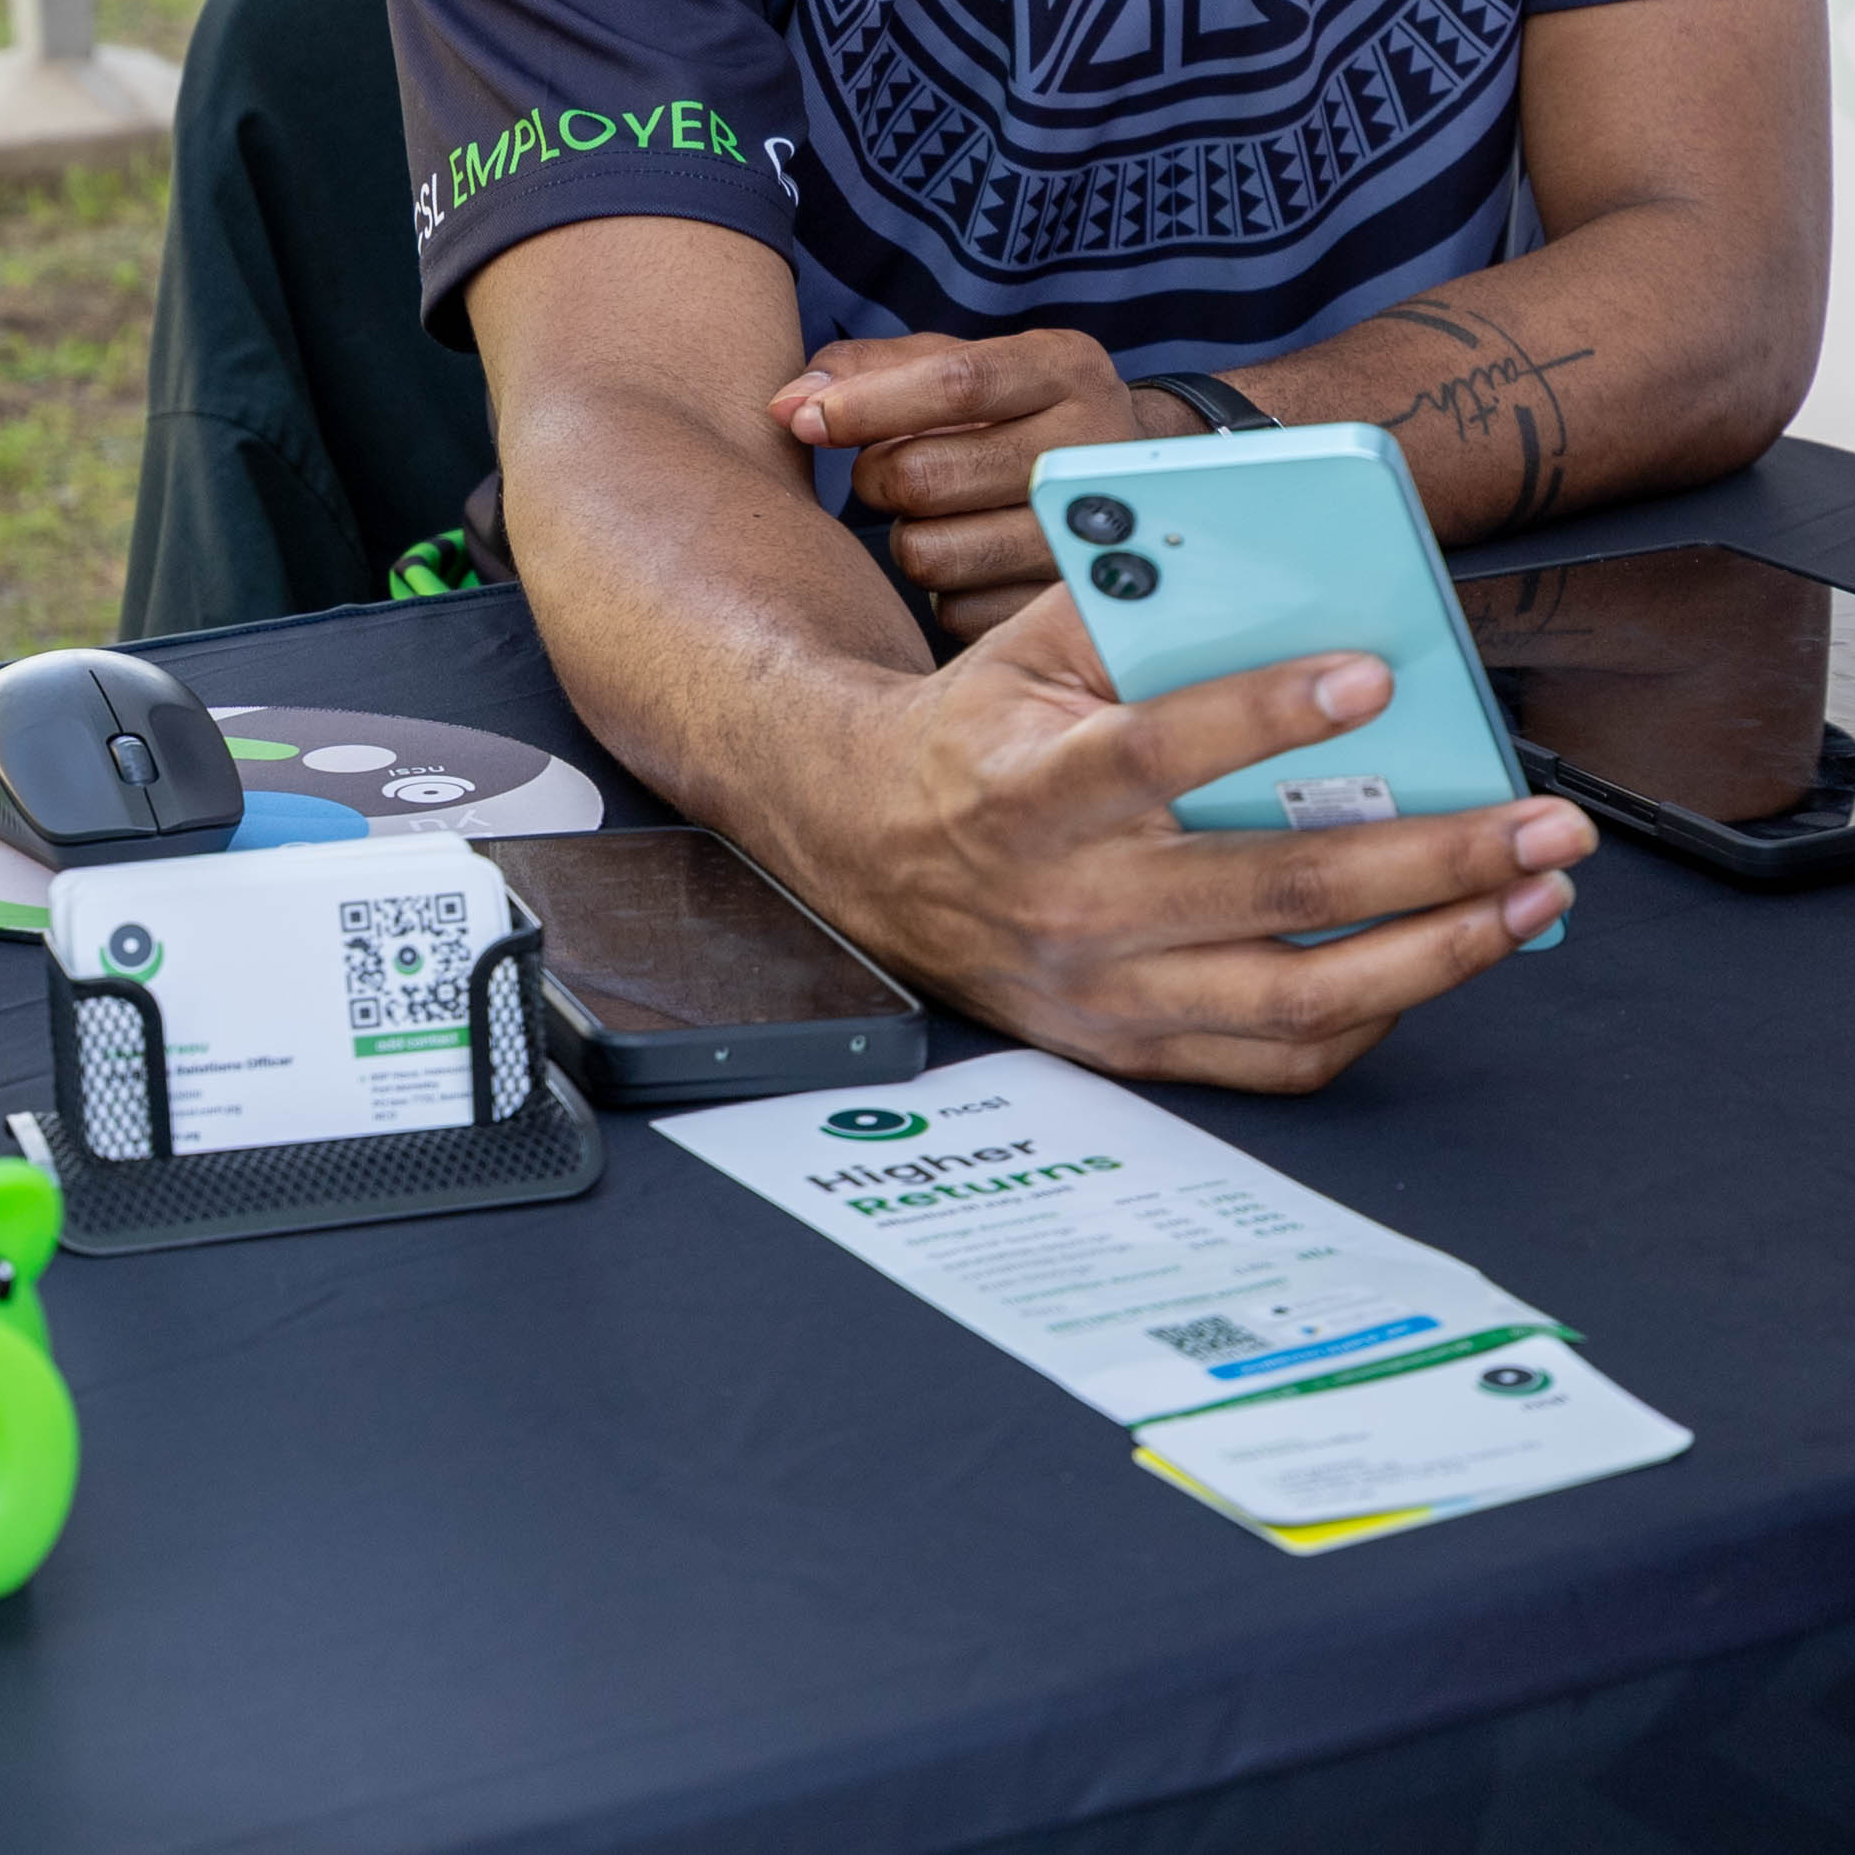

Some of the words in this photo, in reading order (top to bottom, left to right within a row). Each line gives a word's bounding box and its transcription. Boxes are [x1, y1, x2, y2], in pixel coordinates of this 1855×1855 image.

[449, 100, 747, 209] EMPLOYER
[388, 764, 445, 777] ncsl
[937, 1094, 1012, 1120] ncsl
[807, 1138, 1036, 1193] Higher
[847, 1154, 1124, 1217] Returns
========
Omit the pictures. Output every record above word for word.

Some of the words in this photo, in reading order (top to bottom, left to right within a row). Each line gives a word's bounding box and its transcription. Boxes are [x1, y1, x2, y2], in pixel coordinates of this 1855×1855 image.

[449, 100, 747, 209] EMPLOYER
[388, 764, 445, 777] ncsl
[937, 1094, 1012, 1120] ncsl
[807, 1138, 1036, 1193] Higher
[847, 1154, 1124, 1217] Returns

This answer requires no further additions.